§ **Work required**:
Only the pictures should be dropped; every line of the data must come back exactly as written.
---
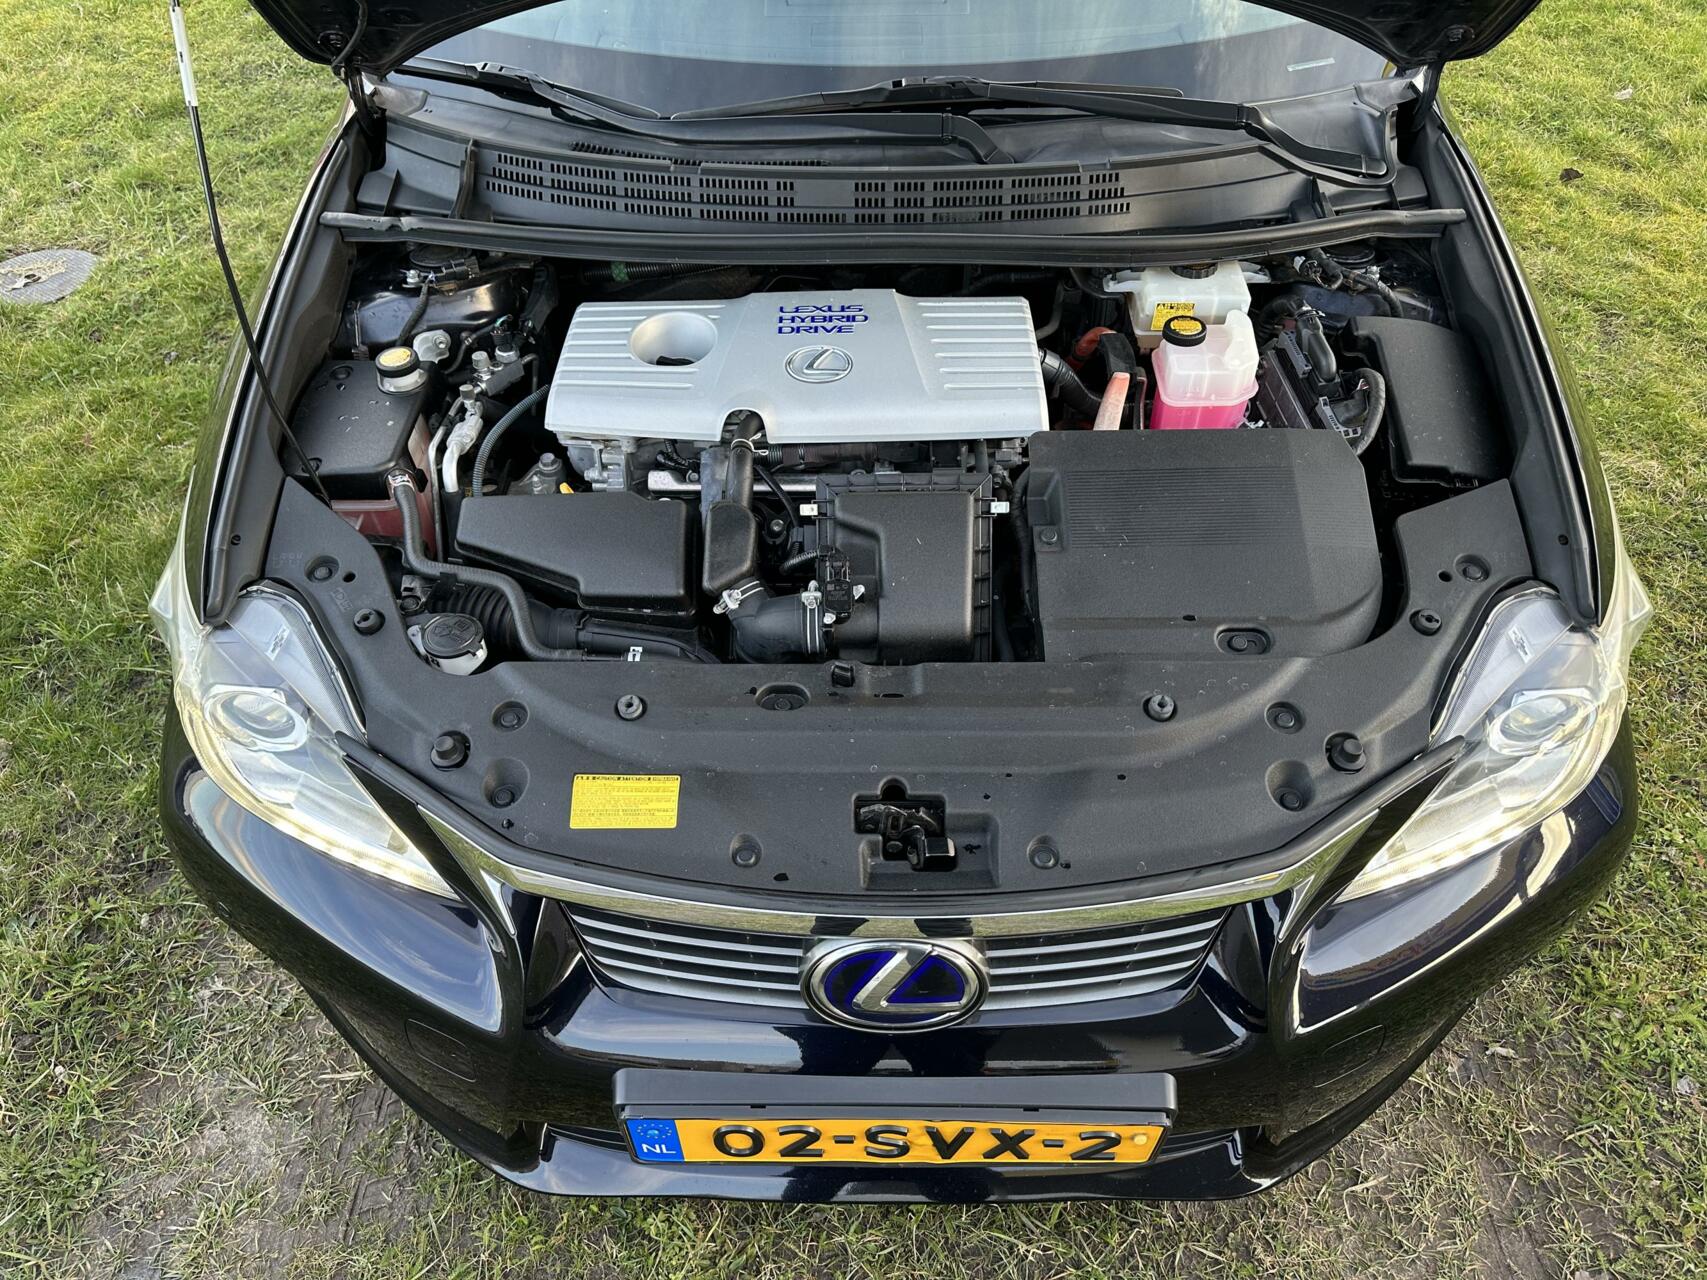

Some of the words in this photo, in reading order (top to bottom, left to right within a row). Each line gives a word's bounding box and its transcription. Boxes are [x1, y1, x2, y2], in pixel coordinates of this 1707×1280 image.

[779, 305, 863, 313] LEXUS
[778, 314, 869, 323] HYBRID
[777, 325, 854, 334] DRIVE
[641, 1143, 676, 1153] NL
[712, 1124, 1122, 1160] 02-SVX-2
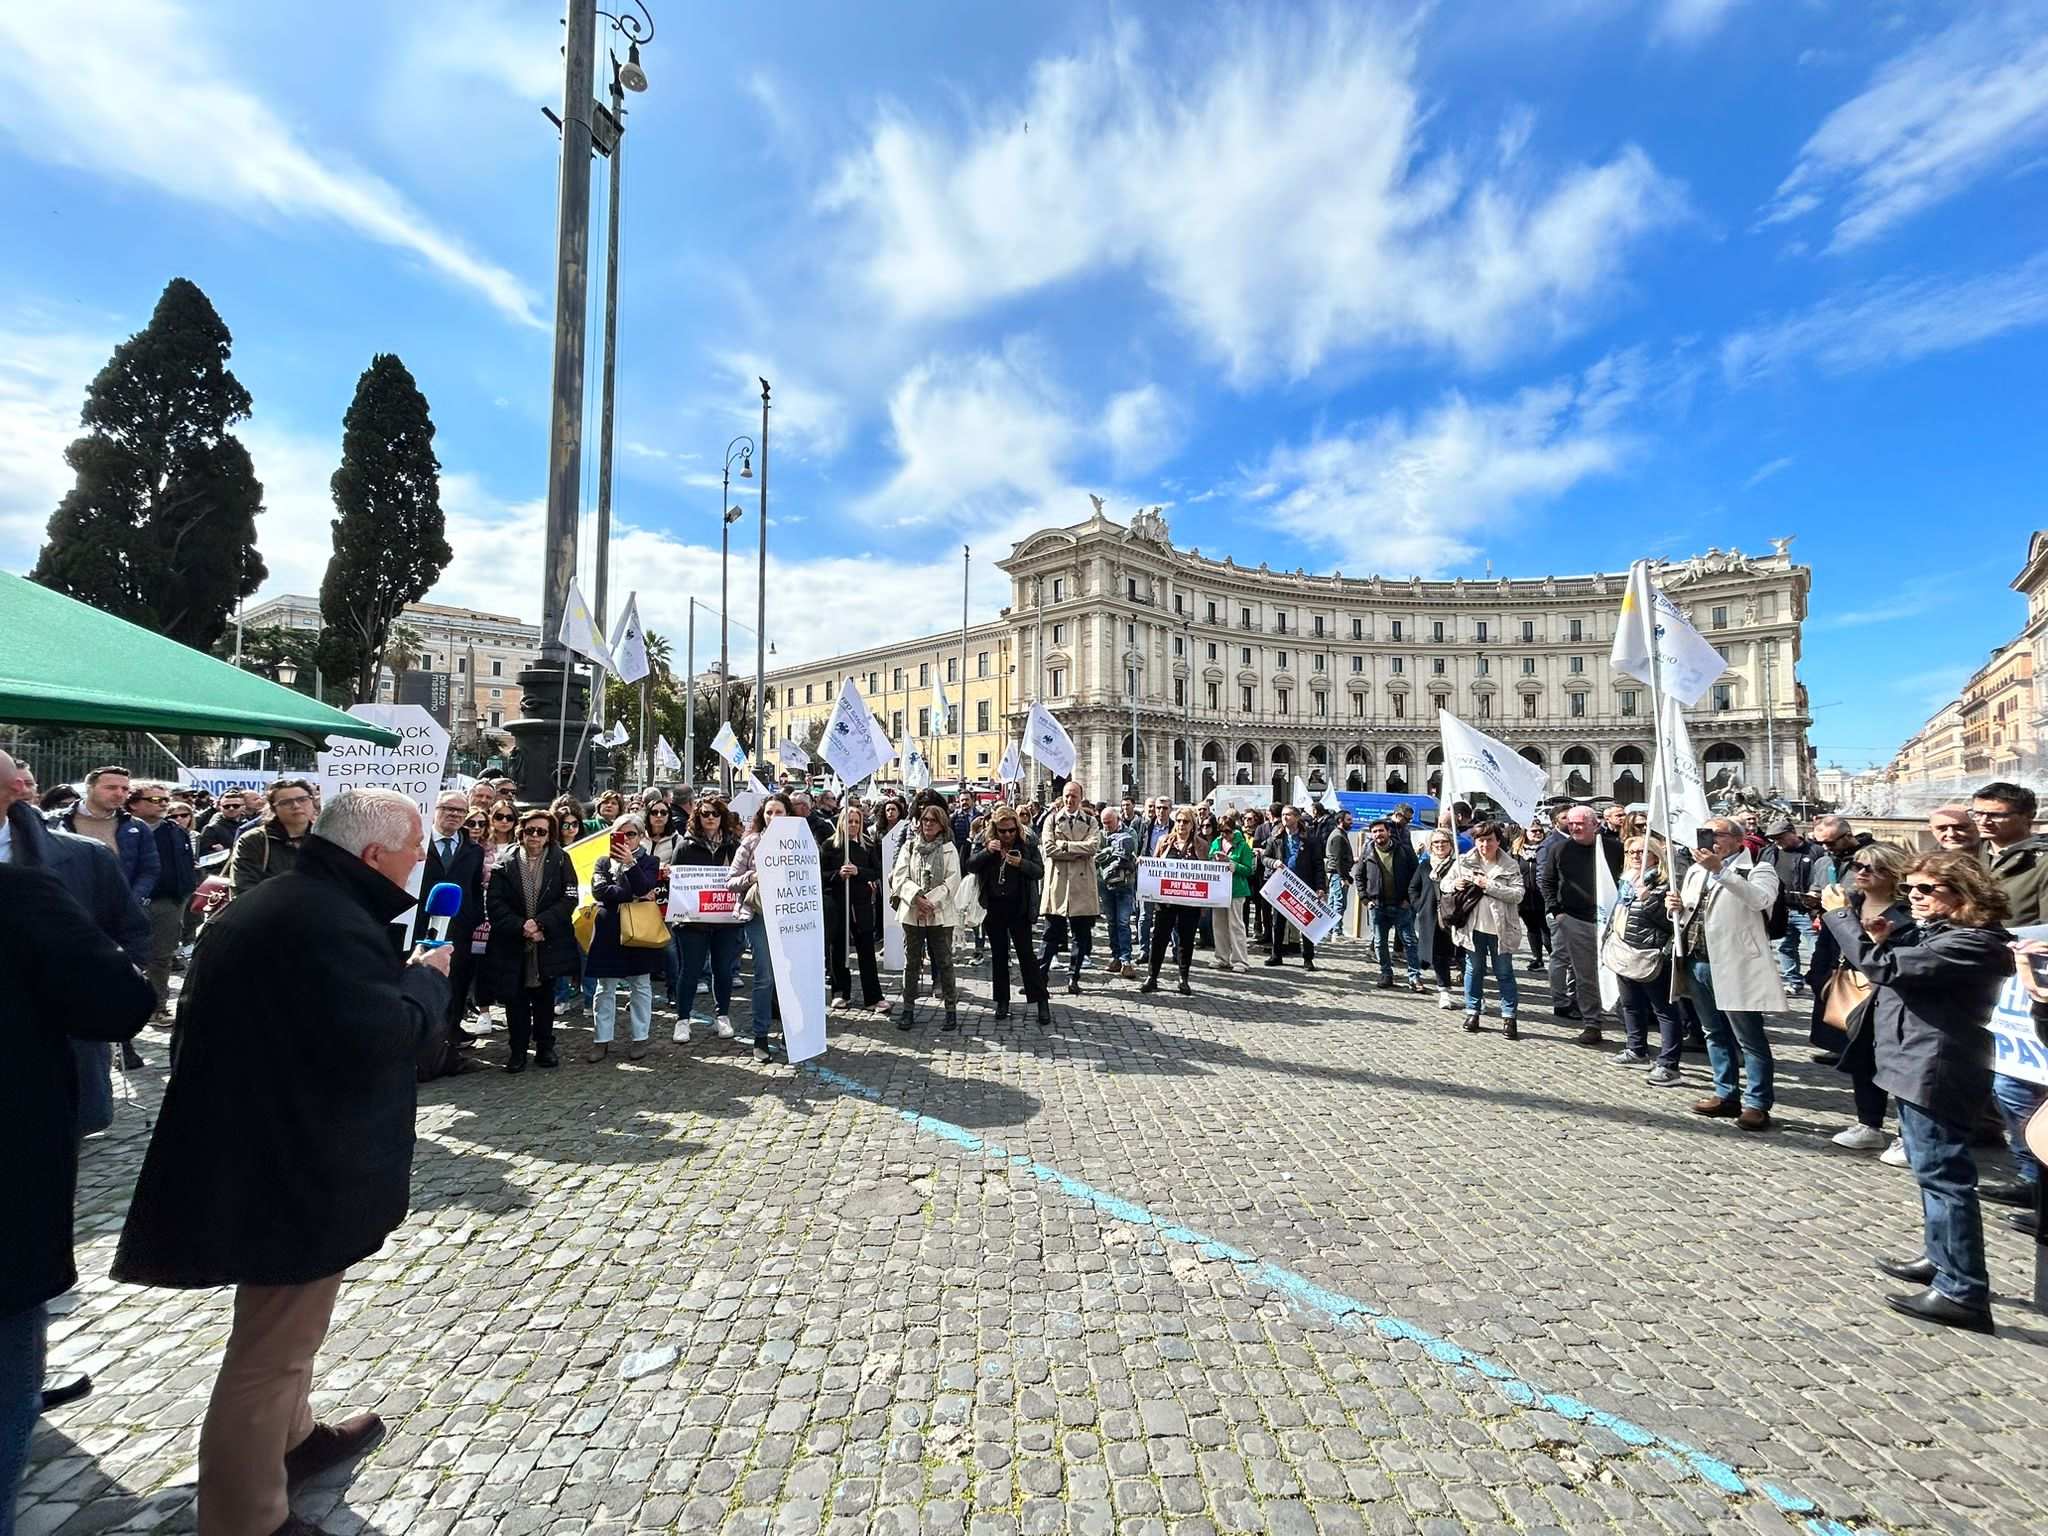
---
§ **Task result**:
Some of the words in this photo, in reading order (top to bottom, left to right within a row). Each line gives a word's bounding box and its transcription. Boxes are [x1, y1, x2, y2], in pixel coordinates of this 1707×1280 image.

[779, 305, 863, 313] LEXUS
[778, 314, 869, 323] HYBRID
[777, 325, 854, 334] DRIVE
[641, 1143, 676, 1153] NL
[712, 1124, 1122, 1160] 02-SVX-2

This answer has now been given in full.